REQUIRED ACTION —
Word-for-word transcription needed. Include every entry below but no pictures.

________________________________________

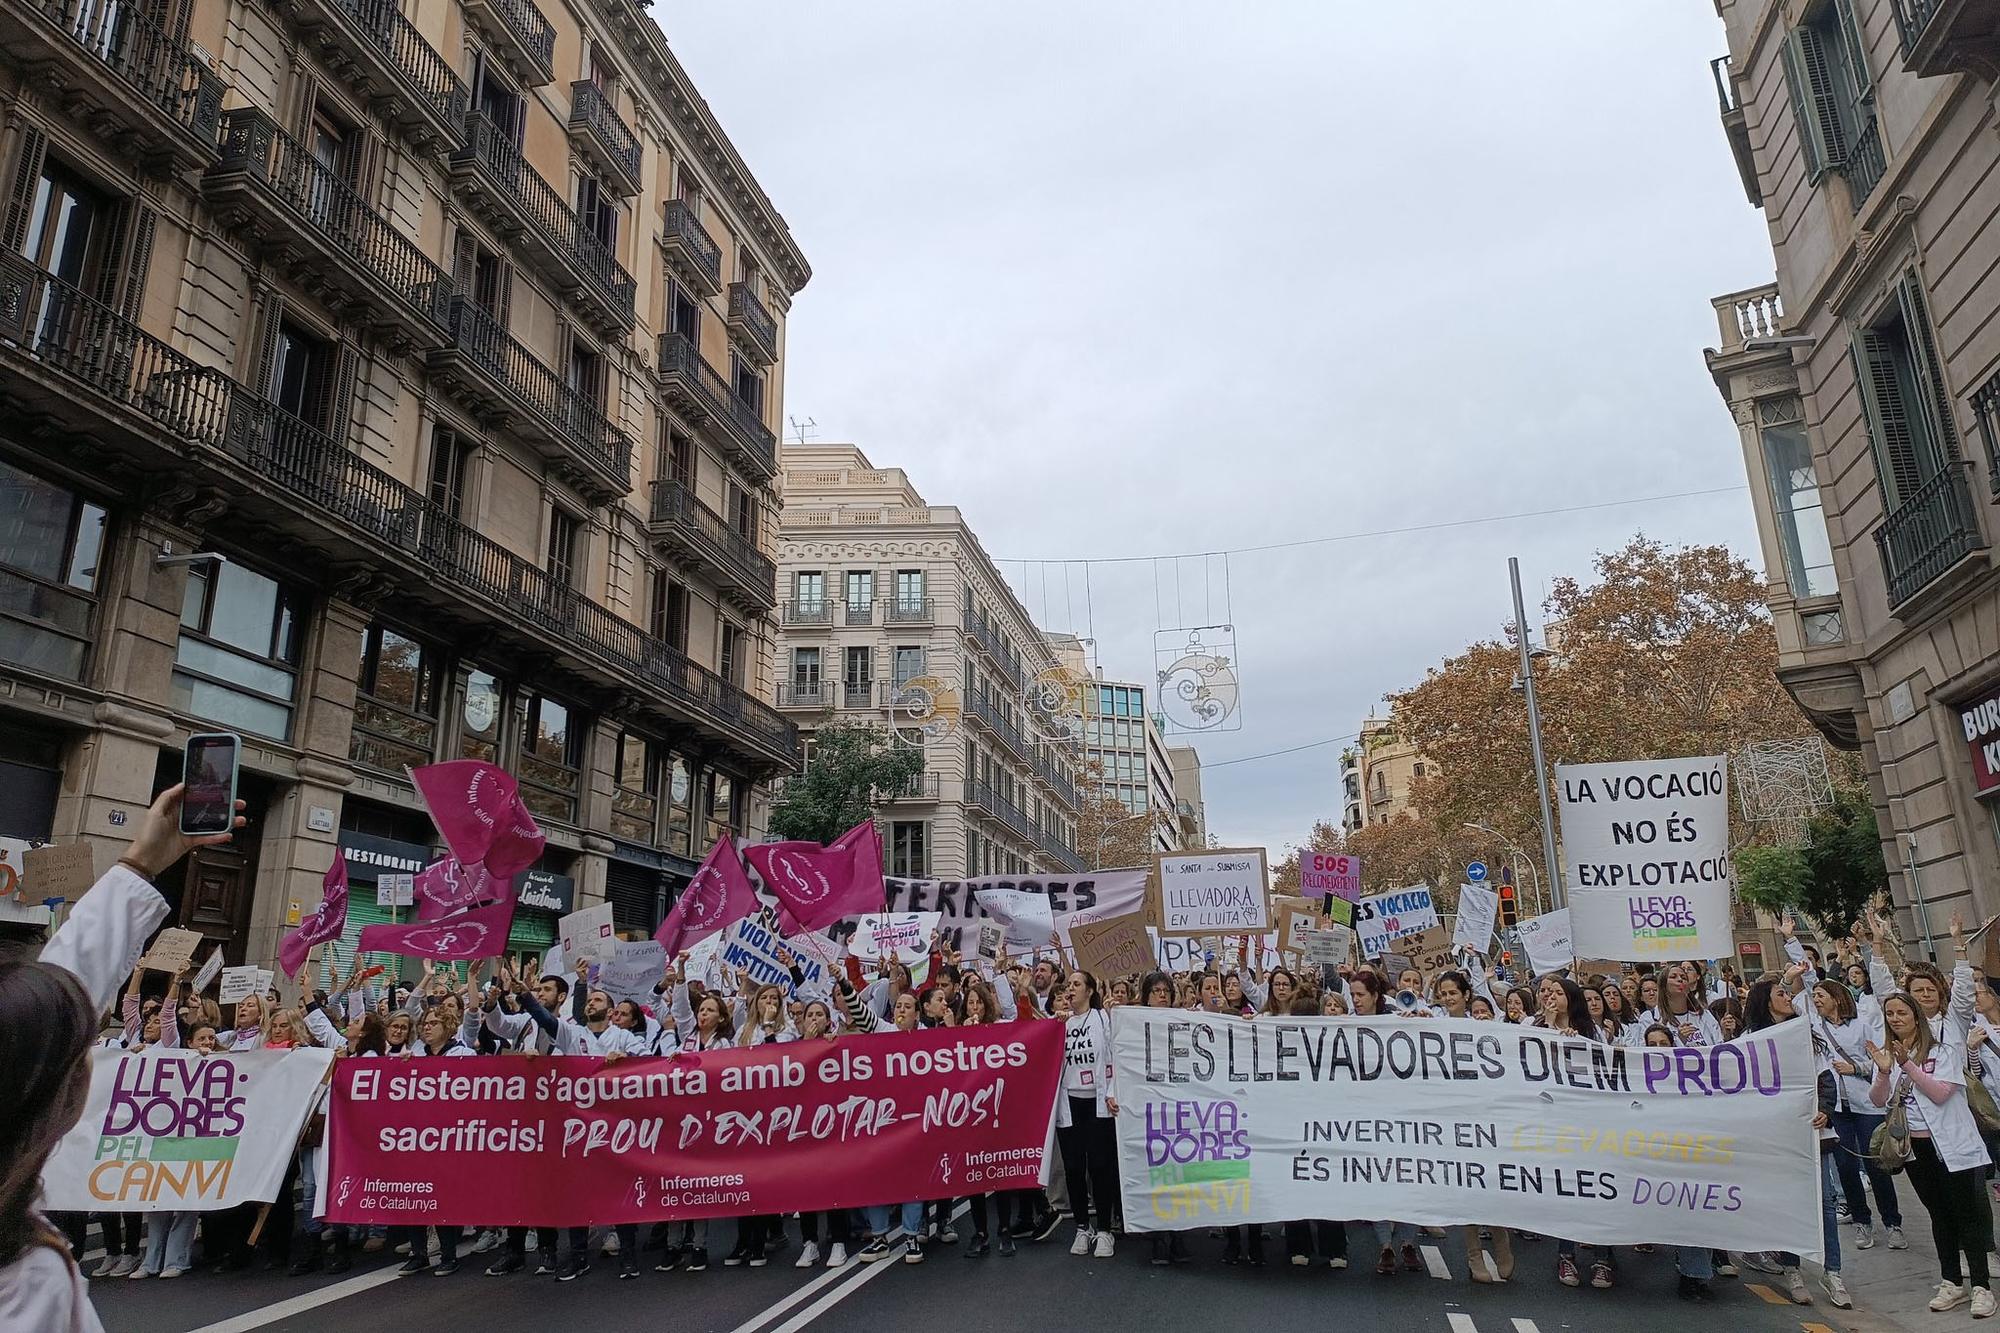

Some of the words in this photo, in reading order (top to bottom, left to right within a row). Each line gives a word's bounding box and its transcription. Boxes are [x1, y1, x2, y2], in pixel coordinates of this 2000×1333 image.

[1962, 694, 2000, 742] BUR
[1565, 779, 1597, 803] LA
[1602, 763, 1723, 802] VOCACIÓ
[1612, 820, 1657, 845] NO
[1666, 811, 1697, 843] ÉS
[344, 848, 423, 873] RESTAURANT
[1180, 863, 1201, 874] SANTA
[1313, 855, 1349, 875] SOS
[1578, 849, 1728, 887] EXPLOTACIÓ
[1171, 914, 1189, 926] EN
[1383, 917, 1400, 933] NO
[1631, 911, 1696, 930] DORES
[1080, 929, 1096, 948] LES
[1115, 939, 1142, 958] DIEM
[1065, 1039, 1092, 1051] LIKE
[1066, 1052, 1095, 1066] THIS
[1144, 1021, 1215, 1083] LES
[1227, 1023, 1505, 1082] LLEVADORES
[1519, 1036, 1631, 1092] DIEM
[1642, 1037, 1782, 1096] PROU
[351, 1069, 381, 1100] El
[388, 1069, 526, 1101] sistema
[721, 1055, 806, 1092] amb
[818, 1048, 872, 1083] els
[886, 1041, 1028, 1078] nostres
[101, 1096, 246, 1137] DORES
[379, 1119, 545, 1152] sacrificis!
[561, 1117, 664, 1158] PROU
[1302, 1119, 1444, 1146] INVERTIR
[1454, 1122, 1497, 1148] EN
[1512, 1120, 1736, 1165] LLEVADORES
[95, 1135, 149, 1161] PEL
[965, 1146, 1043, 1166] Infermeres
[1145, 1129, 1251, 1167] DORES
[88, 1159, 233, 1201] CANVI
[364, 1178, 433, 1193] Infermeres
[660, 1173, 744, 1190] Infermeres
[966, 1168, 983, 1183] de
[1292, 1149, 1330, 1182] ÉS
[1342, 1157, 1487, 1189] INVERTIR
[1499, 1163, 1543, 1194] EN
[1554, 1168, 1618, 1201] LES
[1632, 1177, 1742, 1211] DONES
[359, 1195, 376, 1210] de
[379, 1195, 438, 1213] Catalunya
[660, 1192, 679, 1207] de
[682, 1188, 750, 1207] Catalunya

________________________________________

ANSWER SPACE —
Some of the words in this photo, in reading order (top to bottom, left to right within a row). Each line gives a word's bounding box and its transcription. Boxes are [x1, y1, x2, y2], in pixel coordinates of this 2000×1333 image.

[1962, 694, 2000, 742] BUR
[1565, 779, 1597, 803] LA
[1602, 763, 1723, 802] VOCACIÓ
[1612, 820, 1657, 845] NO
[1666, 811, 1697, 843] ÉS
[344, 848, 423, 873] RESTAURANT
[1180, 863, 1201, 874] SANTA
[1313, 855, 1349, 875] SOS
[1578, 849, 1728, 887] EXPLOTACIÓ
[1171, 914, 1189, 926] EN
[1383, 917, 1400, 933] NO
[1631, 911, 1696, 930] DORES
[1080, 929, 1096, 948] LES
[1115, 939, 1142, 958] DIEM
[1065, 1039, 1092, 1051] LIKE
[1066, 1052, 1095, 1066] THIS
[1144, 1021, 1215, 1083] LES
[1227, 1023, 1505, 1082] LLEVADORES
[1519, 1036, 1631, 1092] DIEM
[1642, 1037, 1782, 1096] PROU
[351, 1069, 381, 1100] El
[388, 1069, 526, 1101] sistema
[721, 1055, 806, 1092] amb
[818, 1048, 872, 1083] els
[886, 1041, 1028, 1078] nostres
[101, 1096, 246, 1137] DORES
[379, 1119, 545, 1152] sacrificis!
[561, 1117, 664, 1158] PROU
[1302, 1119, 1444, 1146] INVERTIR
[1454, 1122, 1497, 1148] EN
[1512, 1120, 1736, 1165] LLEVADORES
[95, 1135, 149, 1161] PEL
[965, 1146, 1043, 1166] Infermeres
[1145, 1129, 1251, 1167] DORES
[88, 1159, 233, 1201] CANVI
[364, 1178, 433, 1193] Infermeres
[660, 1173, 744, 1190] Infermeres
[966, 1168, 983, 1183] de
[1292, 1149, 1330, 1182] ÉS
[1342, 1157, 1487, 1189] INVERTIR
[1499, 1163, 1543, 1194] EN
[1554, 1168, 1618, 1201] LES
[1632, 1177, 1742, 1211] DONES
[359, 1195, 376, 1210] de
[379, 1195, 438, 1213] Catalunya
[660, 1192, 679, 1207] de
[682, 1188, 750, 1207] Catalunya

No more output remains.